Many people this week have made the obvious observation that these are difficult days for labor unions. But that's a question of group dynamics – how one group like a union loses clout and others such as businesses therefore gain more power. Not much has been said about an equally obvious underlying issue: What exactly does this mean for individual workers?
The climactic battle came Tuesday, when Wisconsin Gov. Scott Walker easily won a recall battle instigated by vengeful public employee unions, whose collective bargaining power he had largely demolished. Indiana Gov. Mitch Daniels did that here in his very first year in office, quietly, without a lot of overt protest. It was a little more contentious this year, when he supported the eventually successful right-to-work legislation that eliminates compulsory union membership. Public employee pension programs – long seen as a drag on stressed state budgets – took a big hit from voters in California this week.

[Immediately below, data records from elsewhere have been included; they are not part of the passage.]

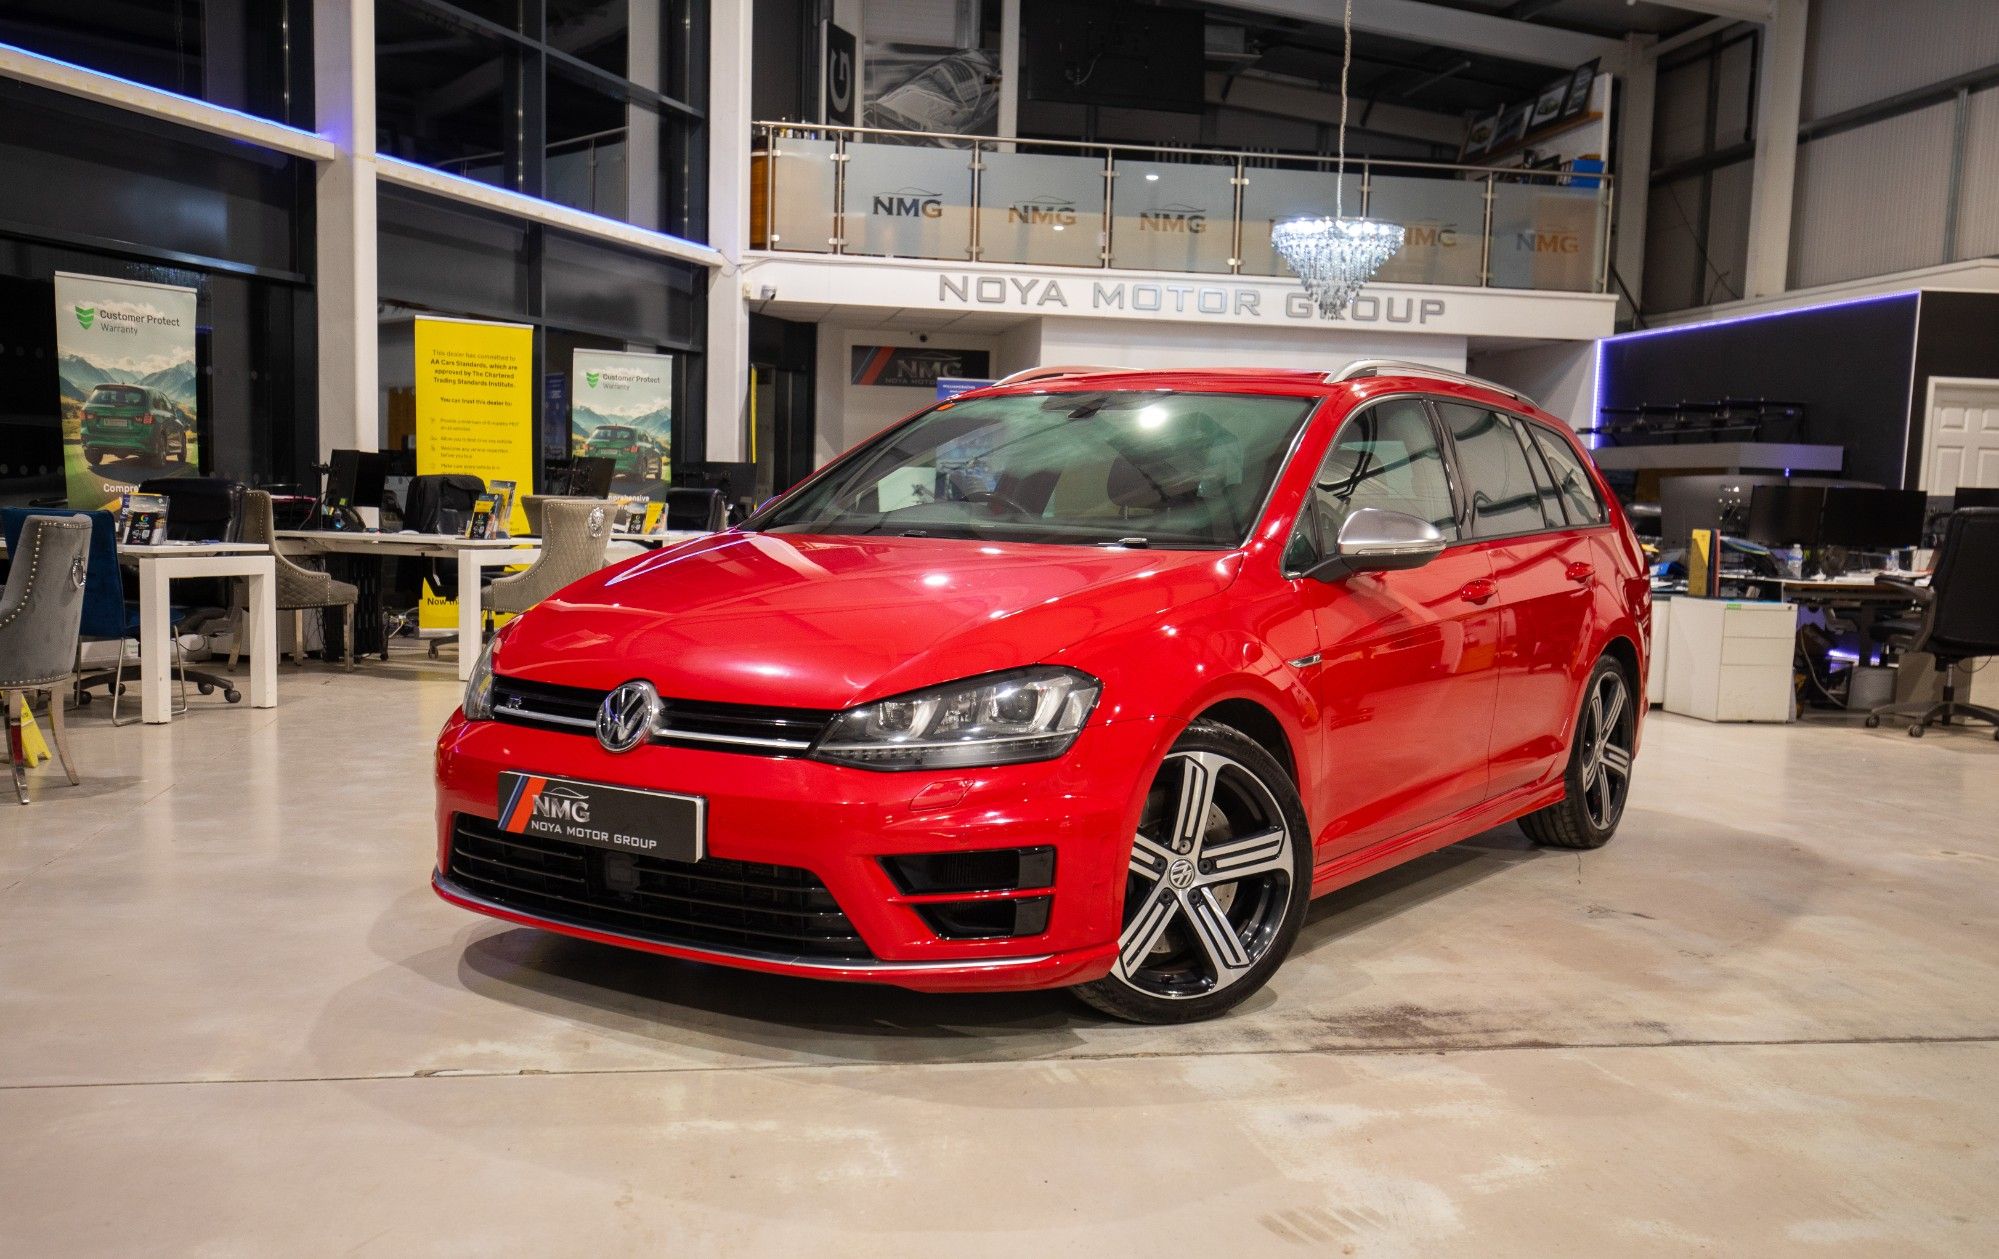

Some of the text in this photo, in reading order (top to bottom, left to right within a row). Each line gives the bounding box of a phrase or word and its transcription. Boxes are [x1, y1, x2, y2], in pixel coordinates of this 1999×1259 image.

[872, 195, 943, 219] NMG
[1008, 205, 1077, 225] NMG
[1139, 211, 1206, 234] NMG
[1516, 232, 1579, 253] NMG
[938, 273, 1068, 307] NOYA
[1093, 282, 1260, 317] MOTOR
[99, 309, 180, 327] Customer Protect
[100, 323, 138, 335] Warranty
[434, 368, 463, 376] approved
[484, 371, 515, 379] Chartered
[602, 372, 660, 384] Customer Protect
[897, 360, 962, 378] NMG
[433, 376, 456, 384] Trading
[457, 378, 487, 386] Standards
[103, 483, 141, 494] Compre
[427, 598, 447, 606] Now
[531, 794, 591, 823] NMG
[531, 820, 657, 849] NOYA MOTOR GROUP

These losses are just adding to the diminishment of unions that has been going on for decades. Union membership in the United States was more than 40 percent in the 1950s and 11.8 percent last year. If it weren't for the public sector unions, there'd hardly be a movement at all.

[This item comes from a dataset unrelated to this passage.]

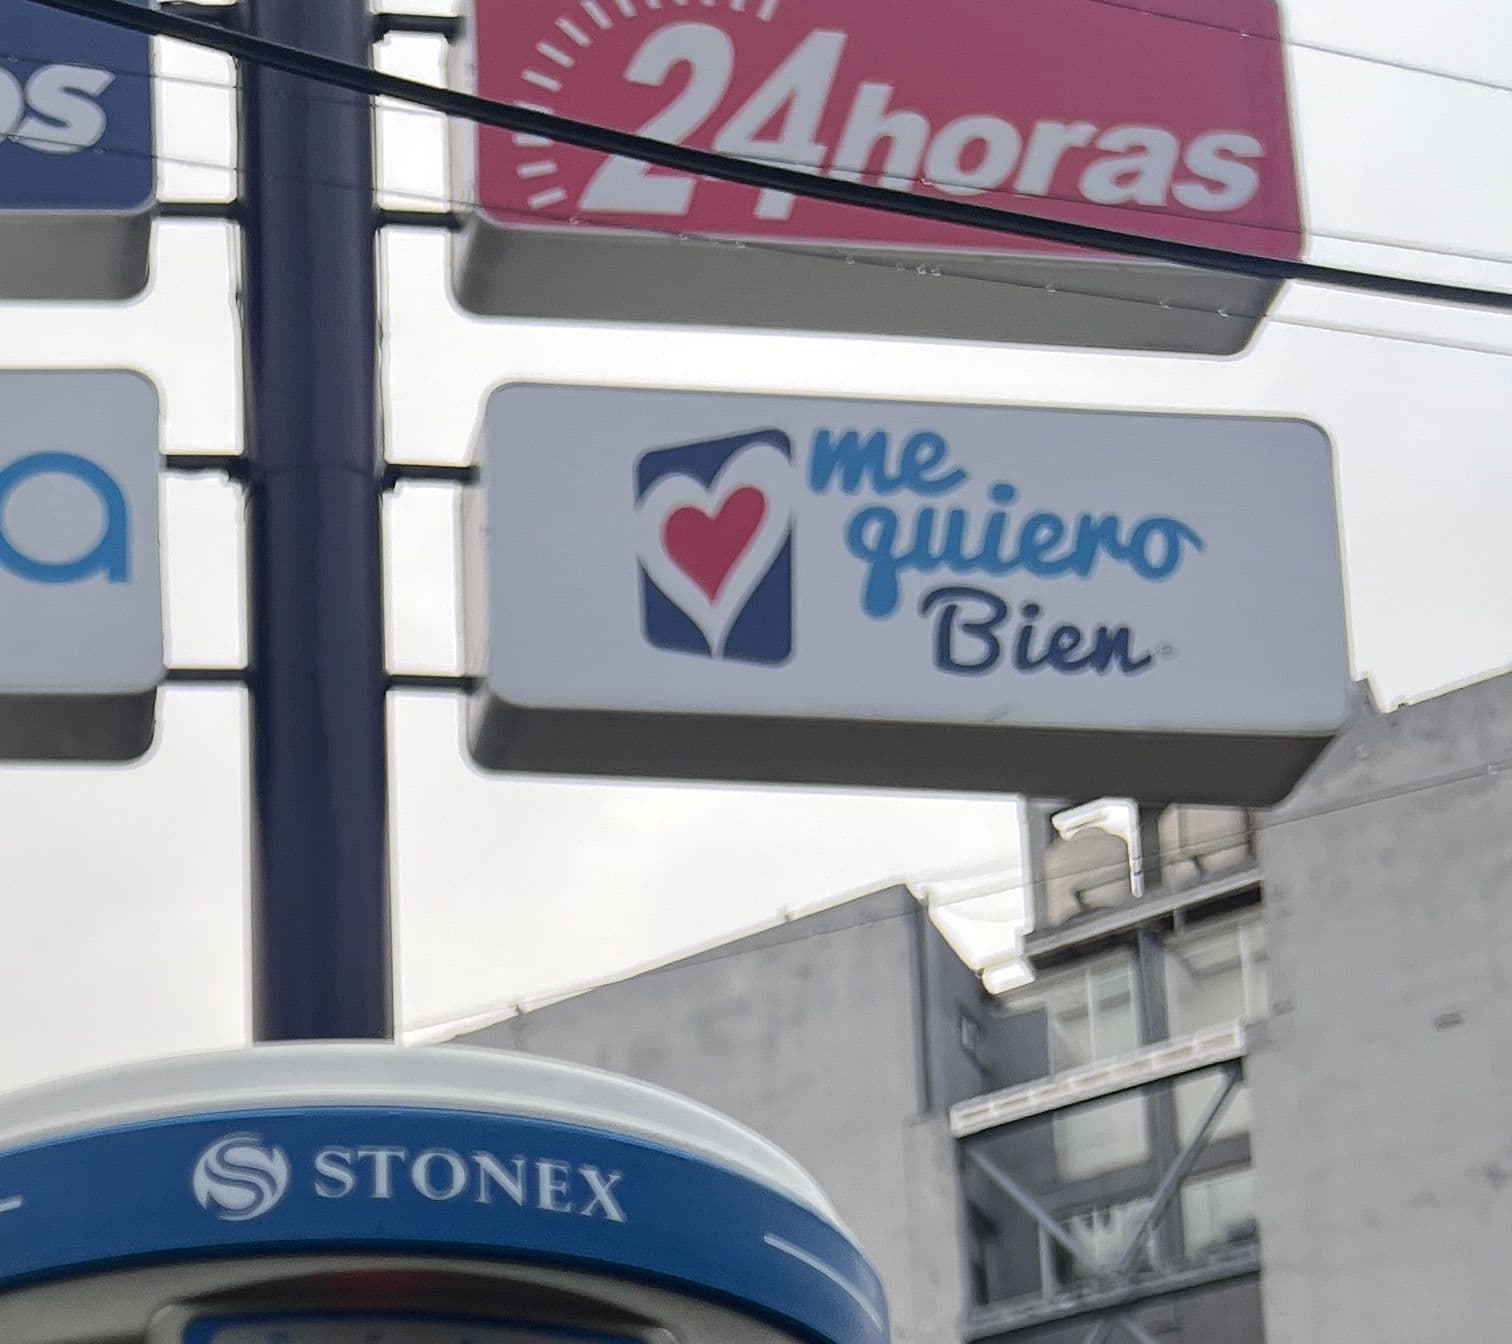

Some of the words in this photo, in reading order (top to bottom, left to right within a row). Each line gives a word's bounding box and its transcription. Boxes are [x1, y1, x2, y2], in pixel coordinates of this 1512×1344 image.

[809, 428, 968, 495] me
[845, 481, 1206, 620] quiero
[918, 585, 1154, 676] Bien
[313, 1145, 627, 1224] STONEX

The average worker has less chance to be represented by a group at the same time when employer-employee relationships are changing drastically. No longer is there lifelong loyalty to one company or a company's long-term commitment to a “family of workers.” People change jobs with dizzying frequency, and companies drop workers with alarming indifference.
We are, increasingly, on our own.
The prospect is both exhilarating and terrifying.